Directions for this task: Your answer must be the exact lines from the one holding "this 1920×1005 image." through the final line of the records below, both included, and nothing more.
--- Data section Enclosed Below ---
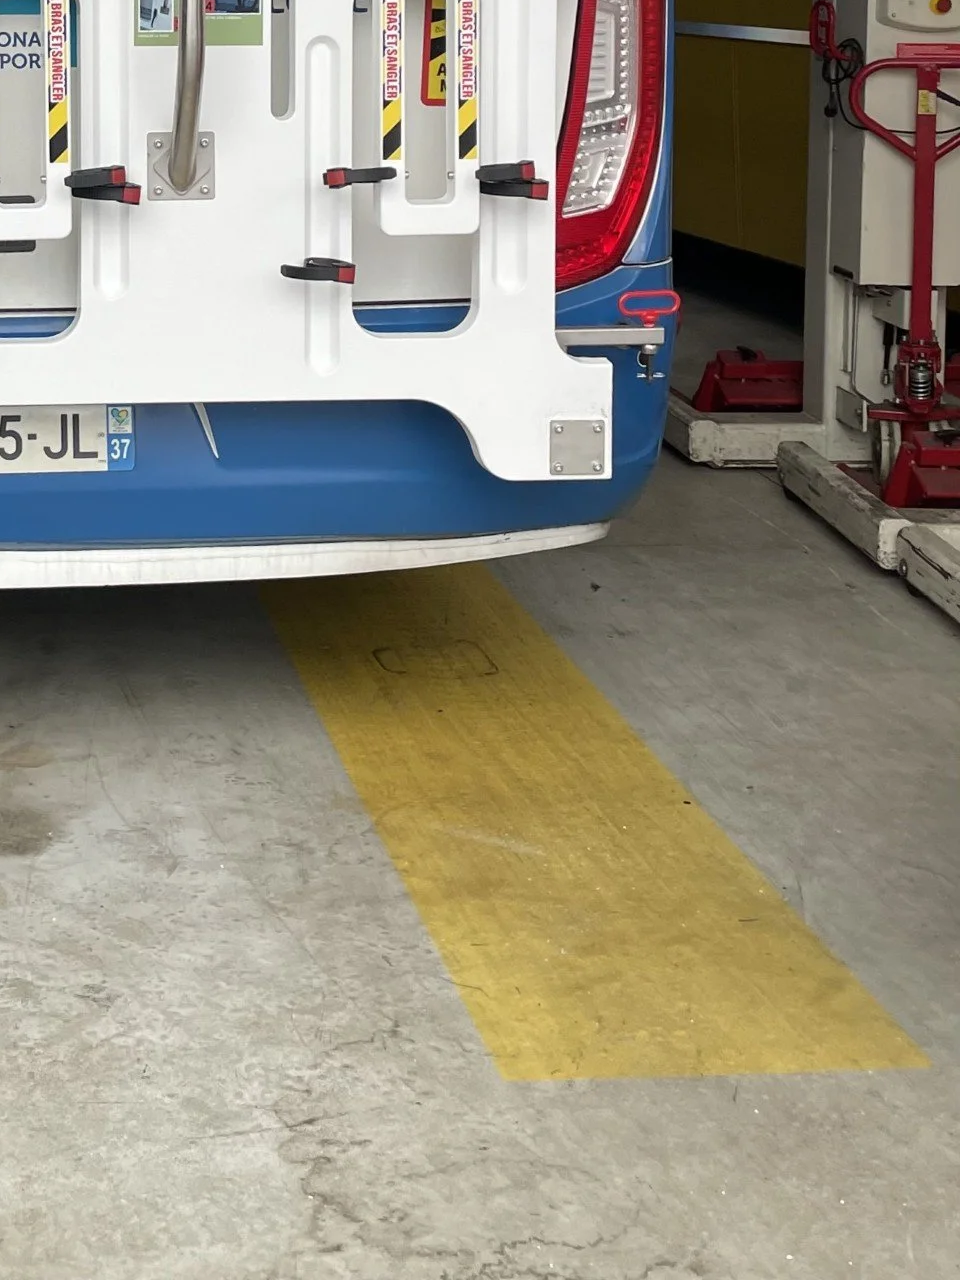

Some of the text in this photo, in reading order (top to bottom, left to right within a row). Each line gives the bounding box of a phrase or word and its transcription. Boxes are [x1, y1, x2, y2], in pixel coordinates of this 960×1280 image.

[51, 4, 62, 33] BRAS
[205, 1, 212, 11] 4
[386, 2, 398, 31] BRAS
[462, 1, 473, 30] BRAS
[51, 36, 63, 49] ET
[386, 33, 398, 46] ET
[462, 33, 473, 45] ET
[52, 51, 63, 101] SANGLER
[386, 49, 398, 99] SANGLER
[462, 49, 473, 98] SANGLER
[110, 438, 131, 459] 37
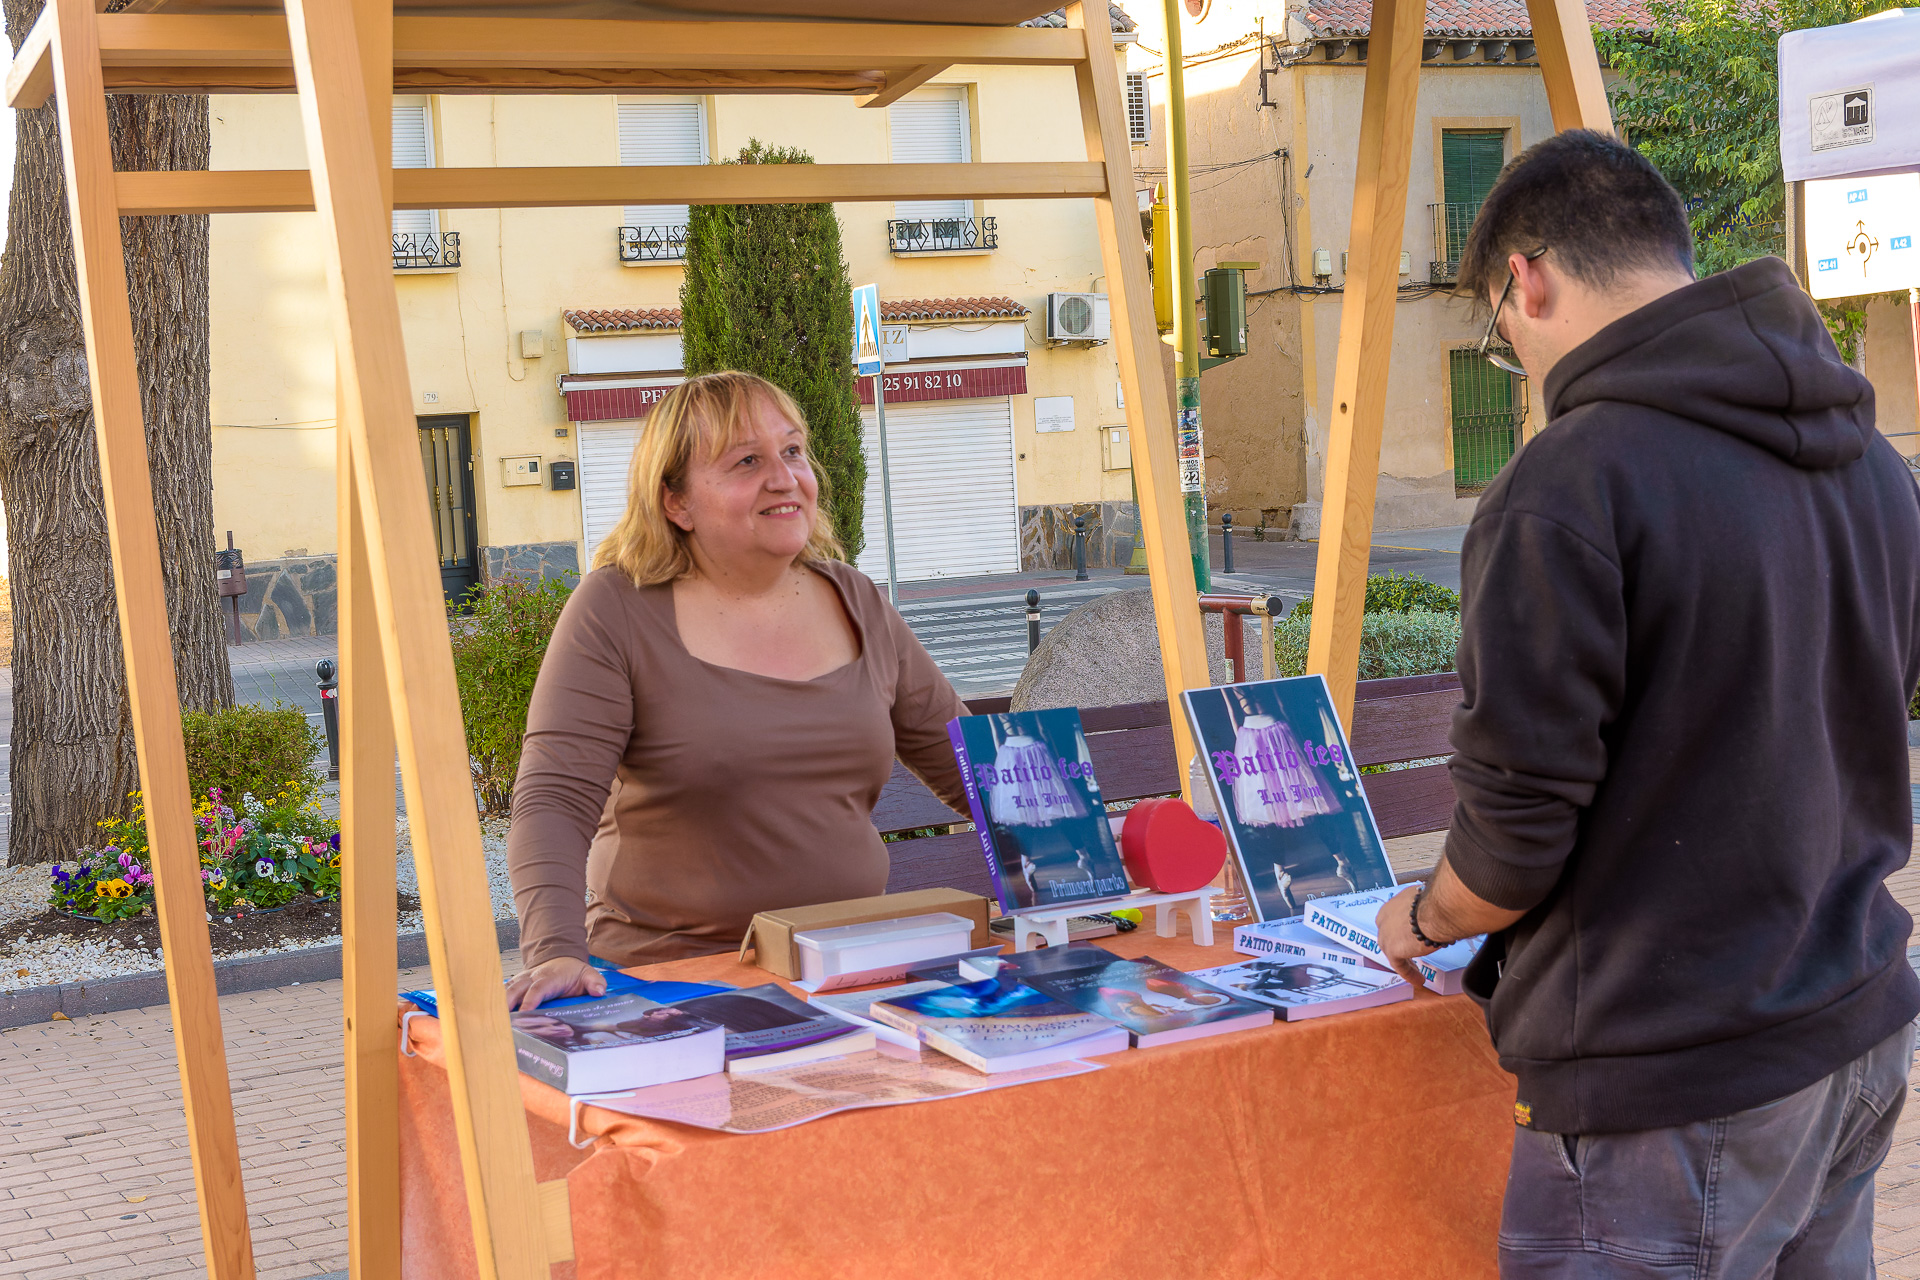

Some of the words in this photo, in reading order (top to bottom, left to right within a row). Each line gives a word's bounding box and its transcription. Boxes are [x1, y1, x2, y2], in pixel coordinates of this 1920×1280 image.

[1858, 190, 1866, 201] 41
[1900, 237, 1908, 248] 42
[903, 376, 920, 390] 91
[924, 375, 942, 389] 82
[945, 373, 962, 388] 10
[1184, 471, 1199, 484] 22
[954, 742, 970, 781] Patito
[1211, 746, 1299, 785] Patito
[1304, 739, 1344, 767] feo
[974, 763, 1052, 792] Patito
[1058, 757, 1093, 779] feo
[1012, 794, 1039, 809] Lui
[1042, 792, 1070, 808] Jim
[1257, 789, 1287, 806] Lui
[1290, 784, 1322, 803] Jim
[980, 830, 991, 853] Lui
[986, 853, 997, 876] Jim
[1050, 878, 1094, 898] Primera
[1094, 873, 1125, 896] parte
[1239, 934, 1273, 953] PATITO
[1310, 910, 1348, 937] PATITO
[1348, 929, 1382, 955] BUENO
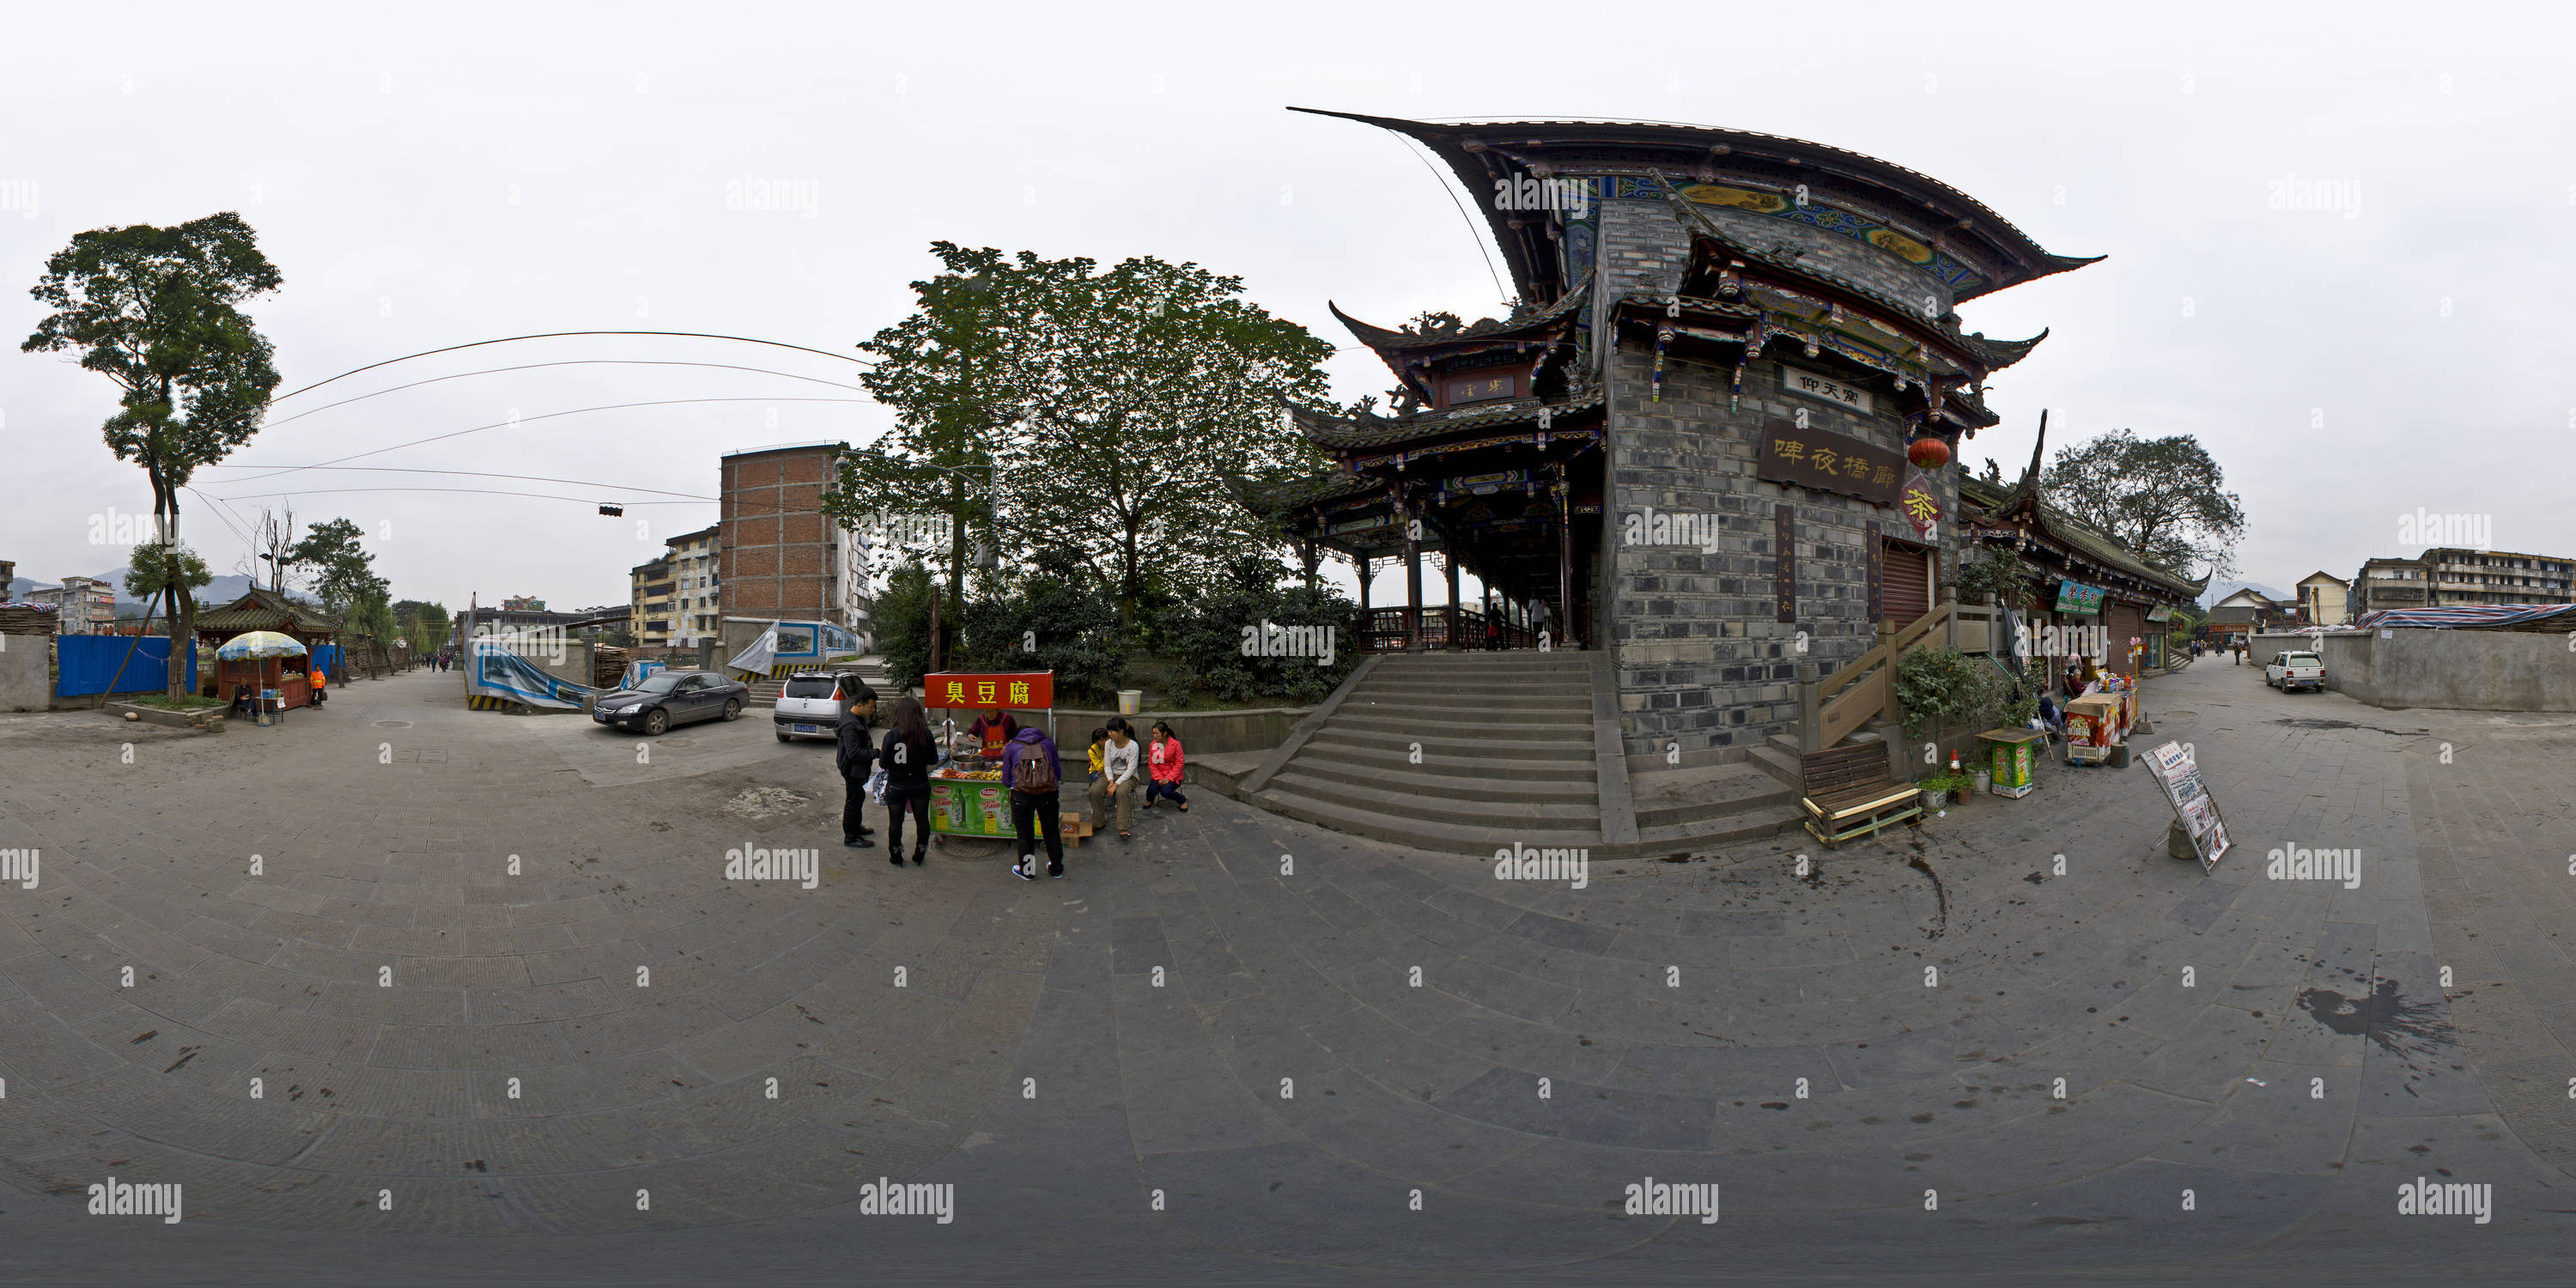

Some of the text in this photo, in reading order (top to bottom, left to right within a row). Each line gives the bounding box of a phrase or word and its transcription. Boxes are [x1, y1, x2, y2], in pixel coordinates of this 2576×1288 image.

[1903, 489, 1938, 521] 茶
[946, 680, 1030, 705] 臭豆腐
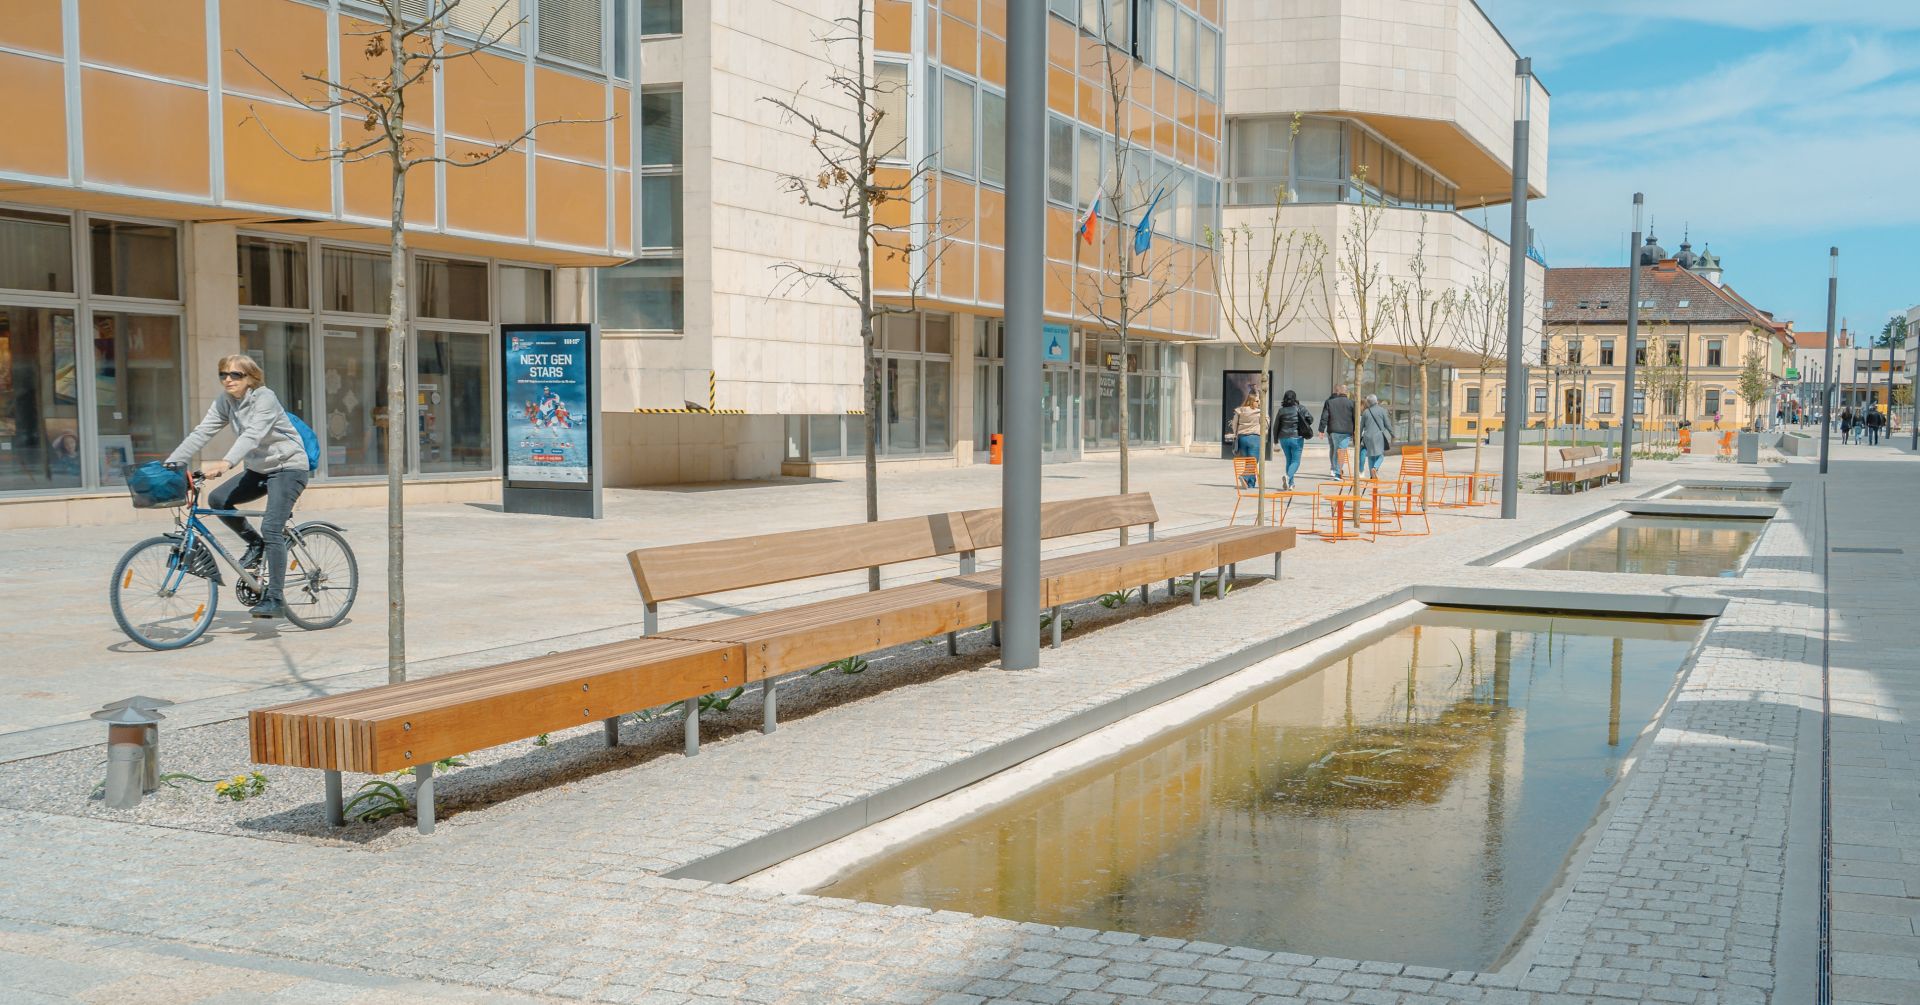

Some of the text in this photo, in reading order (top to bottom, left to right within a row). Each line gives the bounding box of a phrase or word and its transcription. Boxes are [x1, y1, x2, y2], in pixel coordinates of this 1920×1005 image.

[520, 354, 572, 365] NEXT GEN
[529, 366, 564, 378] STARS
--- End of Enclosed Data section ---
Task response:
Some of the text in this photo, in reading order (top to bottom, left to right within a row). Each line gives the bounding box of a phrase or word and its transcription. Boxes are [x1, y1, x2, y2], in pixel coordinates of this 1920×1005 image.

[520, 354, 572, 365] NEXT GEN
[529, 366, 564, 378] STARS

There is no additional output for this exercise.